◆ Task objective
Leave the images out, and copy each of the records below exactly.

Start of Block

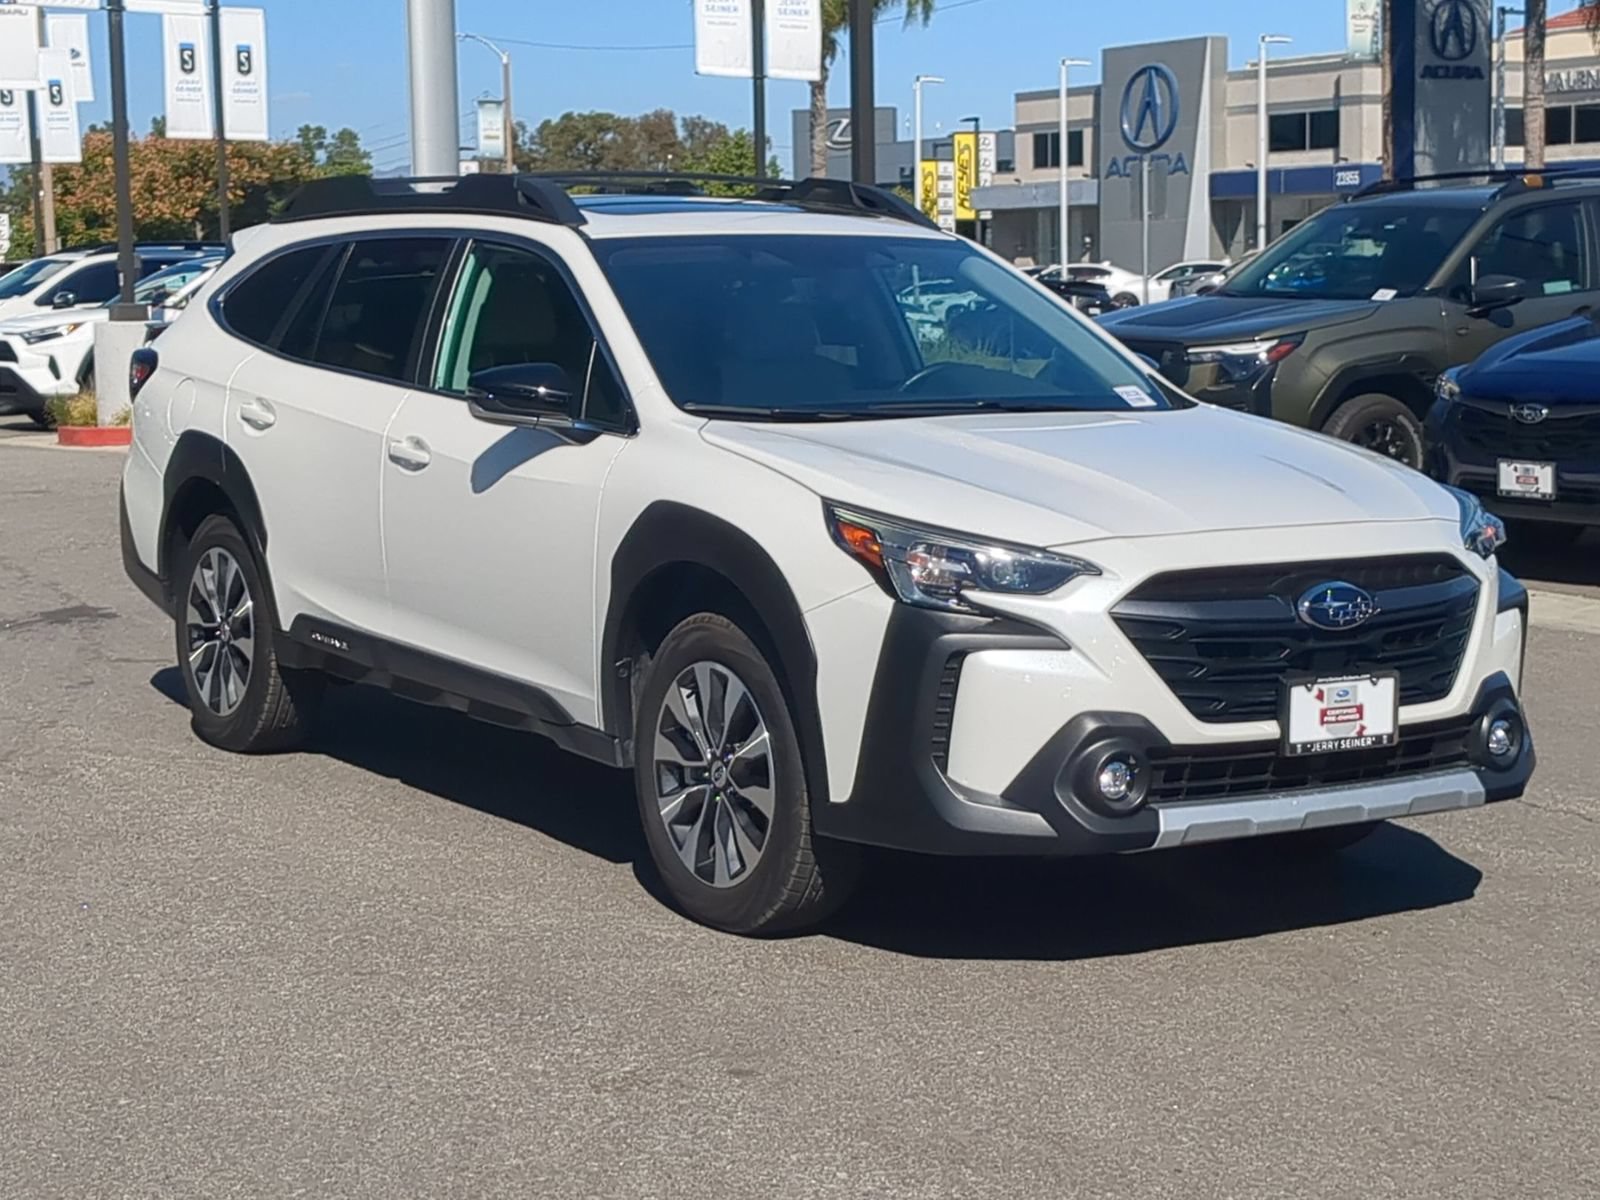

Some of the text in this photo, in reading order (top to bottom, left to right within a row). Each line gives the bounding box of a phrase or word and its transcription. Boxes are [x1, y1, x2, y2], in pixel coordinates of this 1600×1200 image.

[1420, 65, 1485, 79] ACURA
[1326, 707, 1358, 716] CERTIFIED
[1323, 713, 1360, 722] PRE-OWNED
[1311, 737, 1372, 752] JERRY SEINER

End of Block

◆ Solution to this exercise
Some of the text in this photo, in reading order (top to bottom, left to right within a row). Each line gives the bounding box of a phrase or word and its transcription. Boxes are [x1, y1, x2, y2], in pixel coordinates of this 1600×1200 image.

[1420, 65, 1485, 79] ACURA
[1326, 707, 1358, 716] CERTIFIED
[1323, 713, 1360, 722] PRE-OWNED
[1311, 737, 1372, 752] JERRY SEINER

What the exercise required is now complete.